Netflix: From Intellectual to Physical Property
By: Owen Stimpson & George Zhao
The Ivey Business Review is a student publication conceived, designed and managed by Honors Business Administration students at the Ivey Business School.
Getting Streamrolled
Netflix is the undisputed market leader in streaming video on demand (SVOD) with over 200 million global subscribers in an increasingly competitive industry. The company has developed many hit projects such as Stranger Things, House of Cards, and The Irishman over the past few years. However, none are comparable in scale or scope to the top ten greatest media franchises, which include Star Wars and Marvel. While Netflix is making progress to bolster its intellectual property (IP) and to create long-lived franchises, Reed Hastings, Netflix’s CEO, believes that “compared to Harry Potter and Star Wars, [Netflix has] got a long way to go.”
Wearing Every Hat at the Same Time
Netflix aims to be the service of choice during subscriber “moments of truth:” when a subscriber wants to relax, enjoy a shared experience with friends and family, or is simply bored. To achieve leisure dominance, Netflix has spent billions on content, fueled by new debt raises. Since 2010, Netflix has been responsible for 45 percent of the industry’s content spending.

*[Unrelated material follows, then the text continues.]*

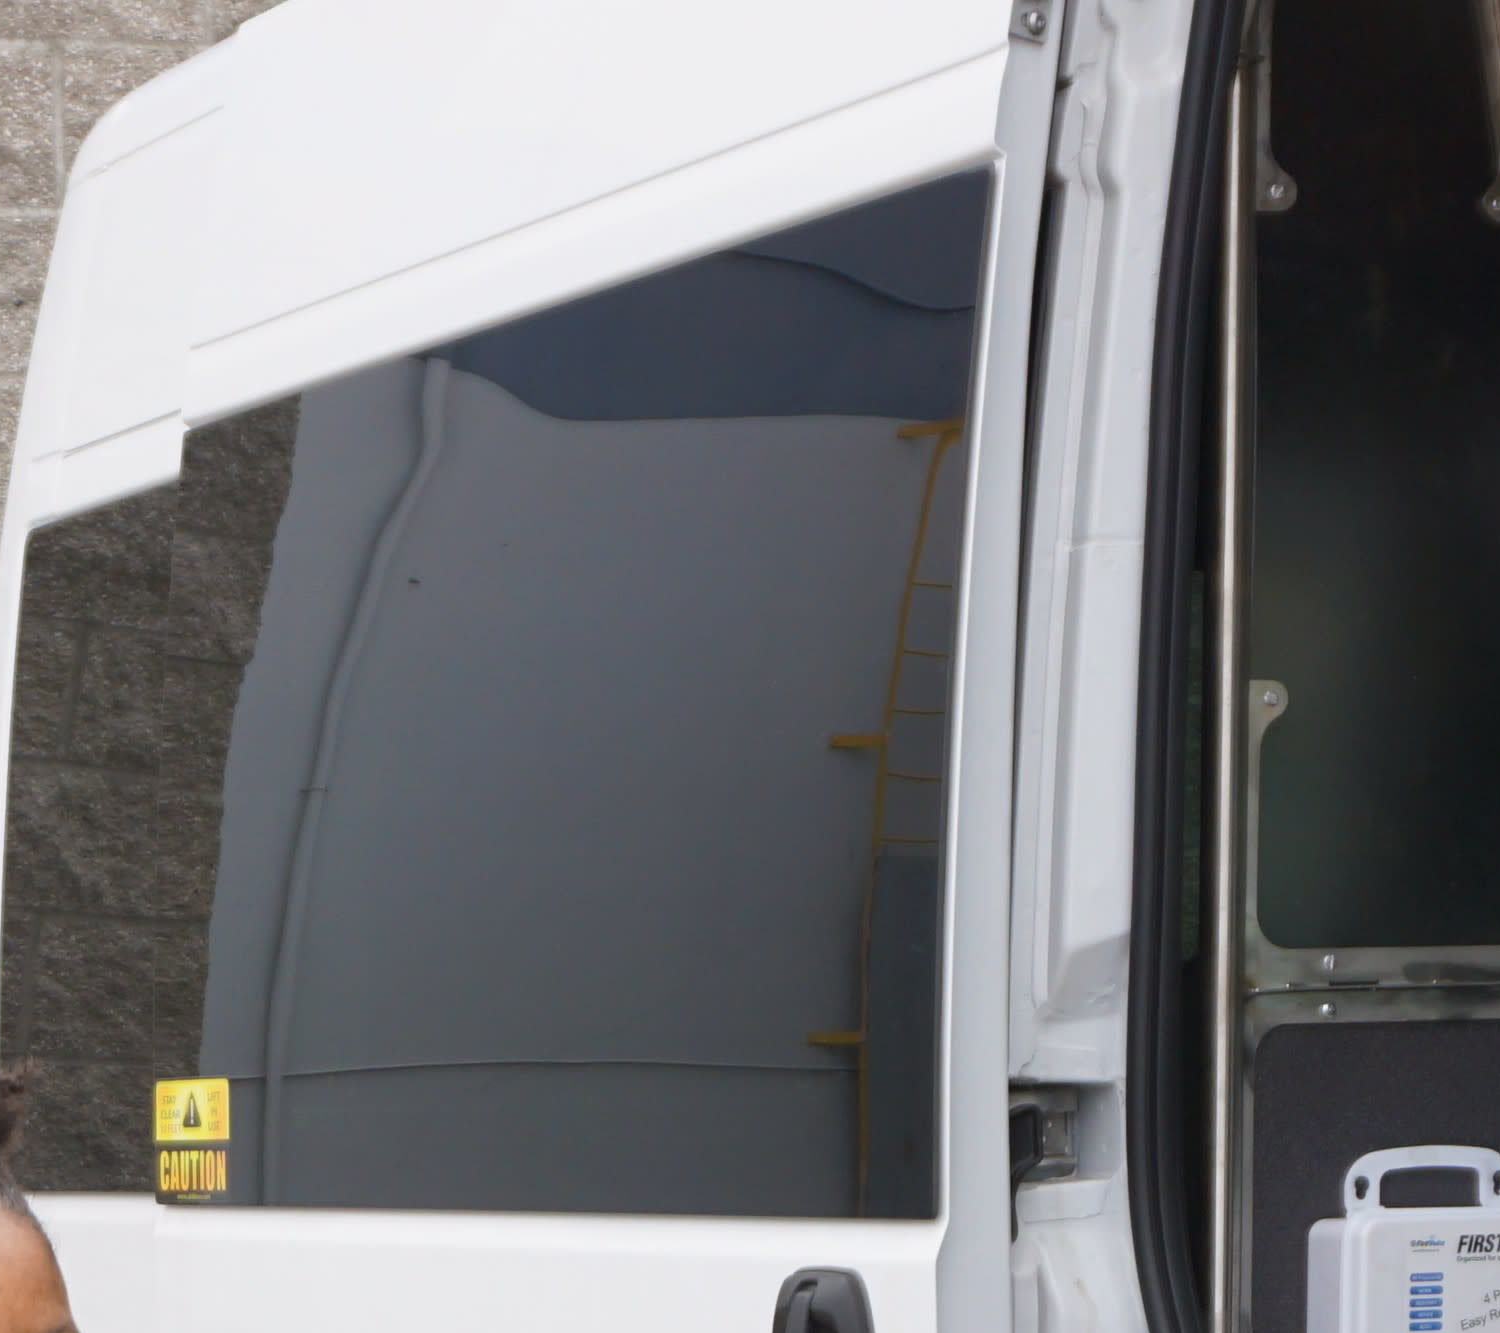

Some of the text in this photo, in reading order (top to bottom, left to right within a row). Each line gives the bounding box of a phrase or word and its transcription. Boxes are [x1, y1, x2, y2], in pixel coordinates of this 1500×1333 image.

Rather than focus on a few specific franchises, Netflix has developed a wide range of content. In 2019, Netflix released 371 new shows and movies—more than the total number of original series produced by all U.S. broadcast networks, cable networks and premium cable networks in 2005. Netflix contends that the breadth of its content enables it to tailor each user’s experience to their individual viewing preferences, boosting viewer engagement and interest.
Although Netflix has the capability to produce Oscar award-winning content, it also develops content that caters to everyday viewers looking for a distraction to fill time. The average American watches 5.5 hours of TV per day, and most of this watching is done while multitasking. Award-winning movies are often not ideal background entertainment, but “mediocre” shows generally are. Netflix, therefore, has developed a wide range of average content that is more easily watched in the background. Business publication Quartz has even gone so far as to declare Netflix the “king of mediocre.”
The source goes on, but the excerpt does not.